Airshipmechanic apprentice @Eve has done a wonderful job of cleaning the wax and honey from the engines and and riggings, and has suggested an ingenious offensive attack. Apparently, a local artisanal foaming soap production facility exists just outside the area of infestation. @Eve is presently working on a method to house this fluid in the Albion's ballast tanks, which we can then use to saturate the area, driving off the spiders long enough to evacuate the residents of Oak Cliff. It's not a permanent solution to the invasive White Crab Spider issue, but may allow us the time to save lives.
Our main hope now is that @Eve is successful in implementing her vision in time!!
Through the rather ornate Termination and Breach clause in our contract with the Albion, we, Enormous Hives, LLC, have assumed control of the ship. The original crew had abandoned ship as the Giant Bees began to build their hive around it on Storm Mountain, and the one good thing about the attack of the Giant Crab Spiders is that they left a hole in the hive big enough to fly the ship through to safety!
Which is why I, Magnus Arequebus, now stand at the rather sticky wheel of the airship Albion, ready to leave the hive and save the citizens of Oak Cliff! Though they are protected by the giant dome of the finest Texas Toast in the land, those spiders are insidious and I wouldn't put it past them to find their way through at any moment.
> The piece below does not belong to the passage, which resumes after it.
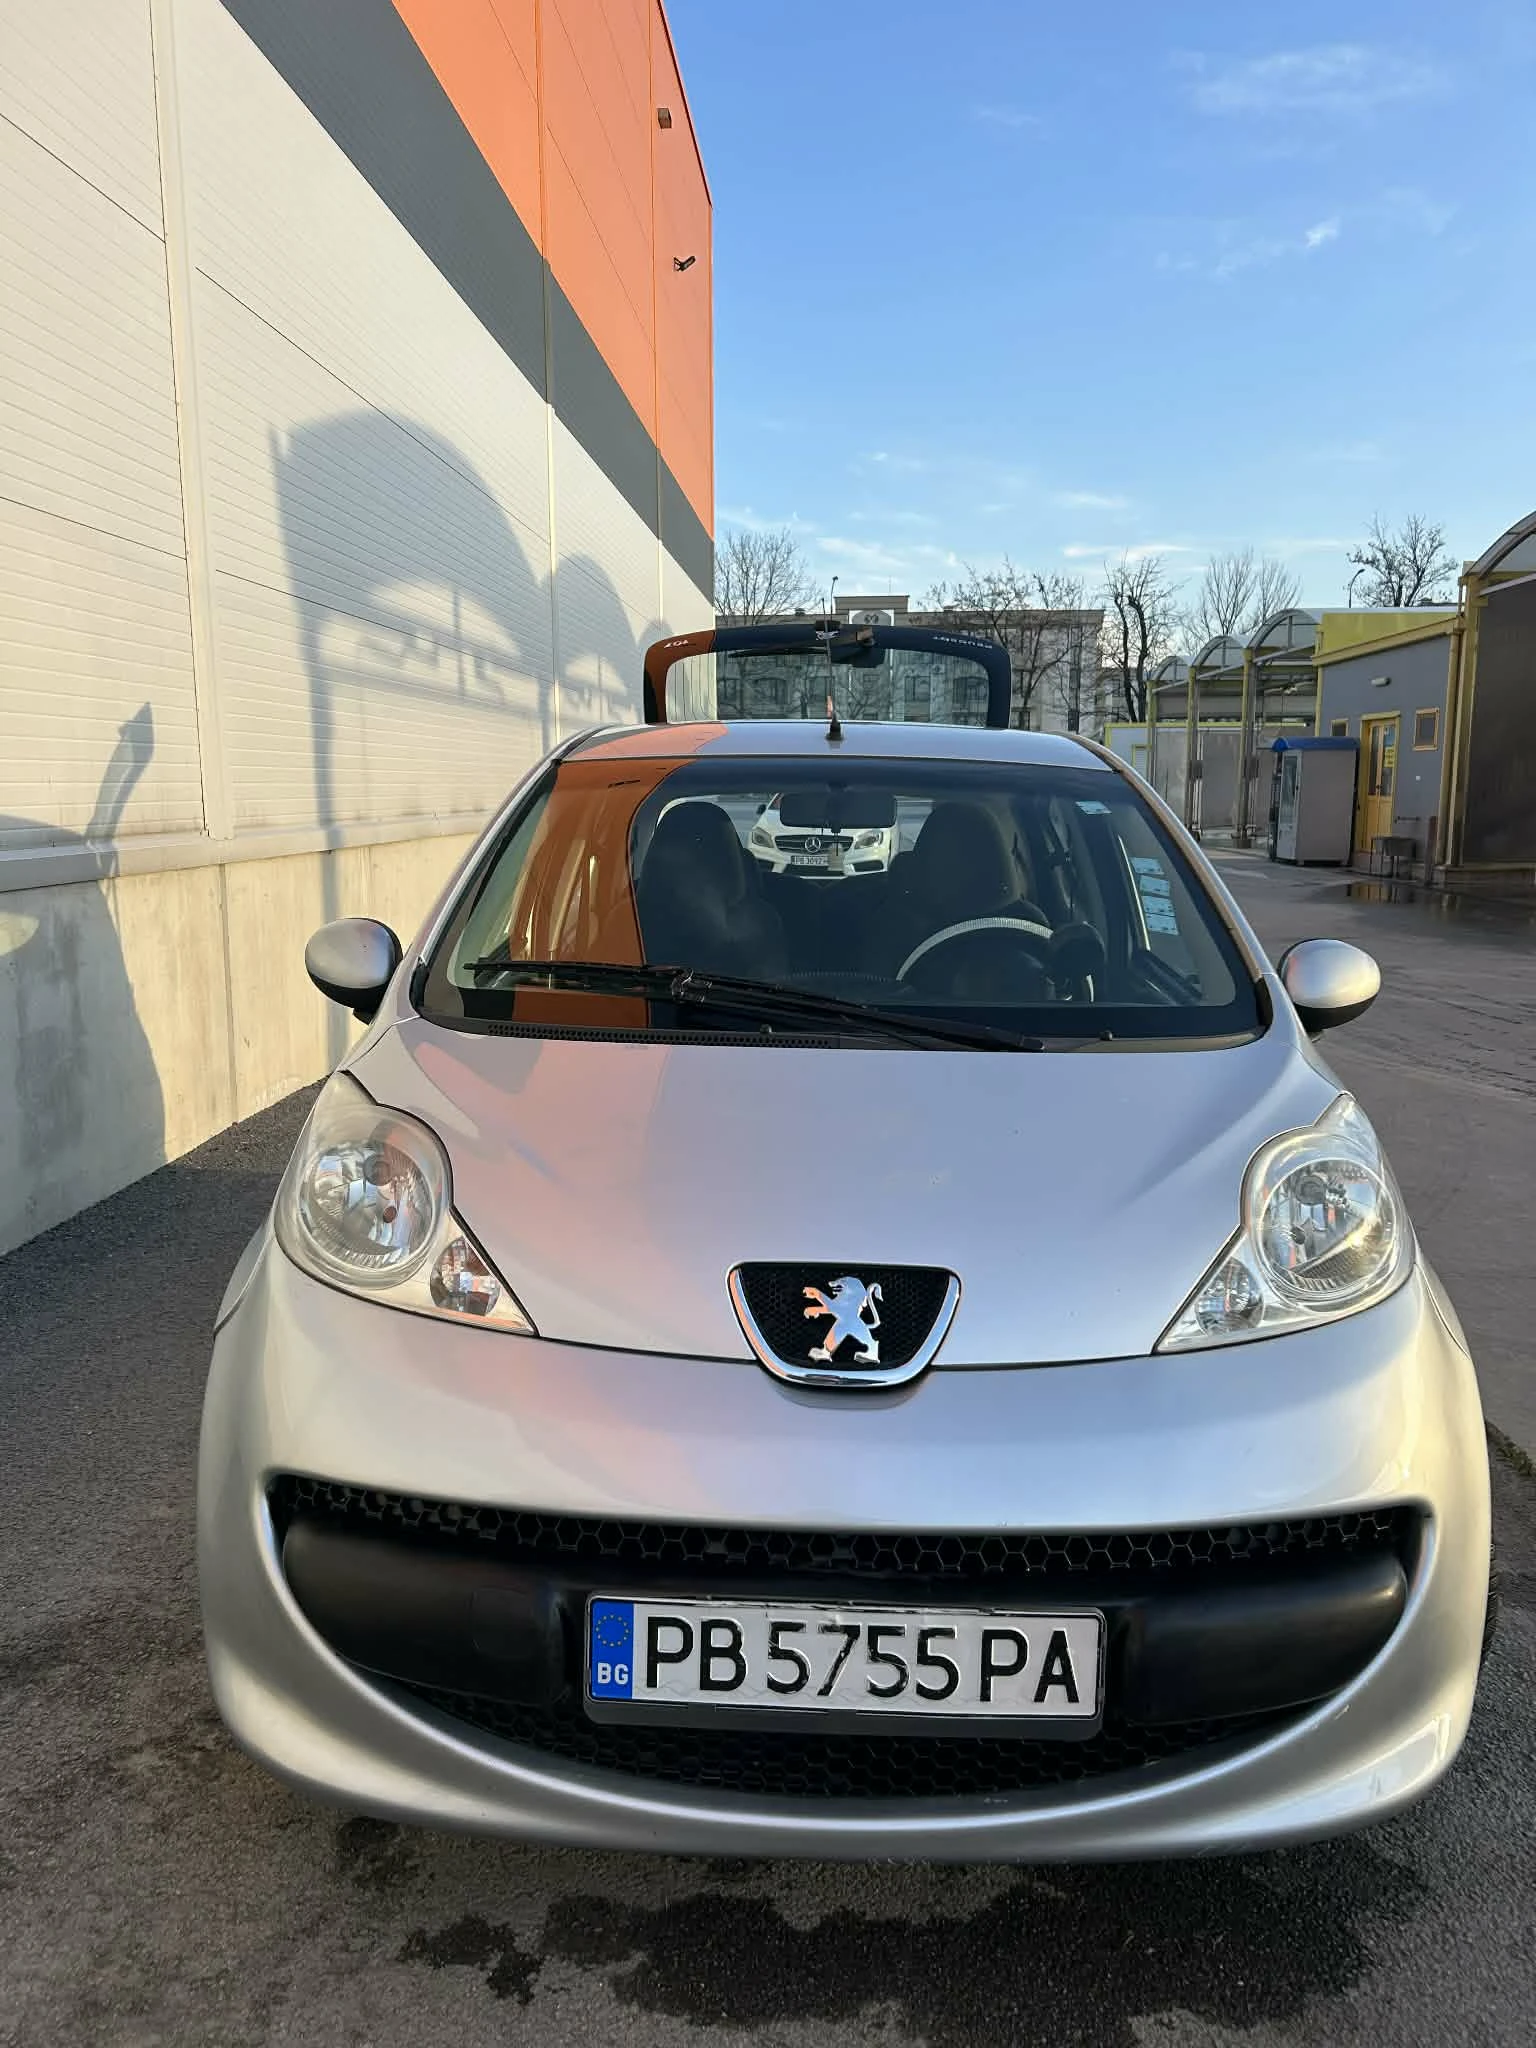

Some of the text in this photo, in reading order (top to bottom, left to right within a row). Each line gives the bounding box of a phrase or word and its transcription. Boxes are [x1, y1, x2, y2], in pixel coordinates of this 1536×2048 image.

As we've had to start the crew from scratch, we've also taken on Airshipmechanic apprentice @Eve, who's working on getting the honey and beeswax out of the machinery. Just as soon as that's done, the remaining Giant Bees and the mighty black and yellow Albion will liberate the people and show those Giant Crab Spiders who's boss!
Hi there im Eve
Im 19 and a Airshipmechanic aprentist.
I would love do work on the Albion and learn more about Airship mechanics
Oh dear, the carnage was as bad as we'd feared.
After decimating the hive, the Giant Crab Spiders ballooned across the desert to Oak Cliff, attempting to prey on the human settlement, no doubt. However, perhaps directly related to the "HIDE! GIANT SPIDERS APPROACHING!" flyers that we had printed up and distributed by local residents we hired through Yelp, the citizens were ready. Through a tremendous private/public partnership, and the cooperation of the Kirby's Texas Toast production facility, a protective dome was raised over the city. The size of the Kirby's slices (roughly 10' x 10') made erecting the structure a relatively quick and simple process.
While the citizens remain safe, it's a waiting game now, as the Giant Crab Spiders lie in wait outside the dome.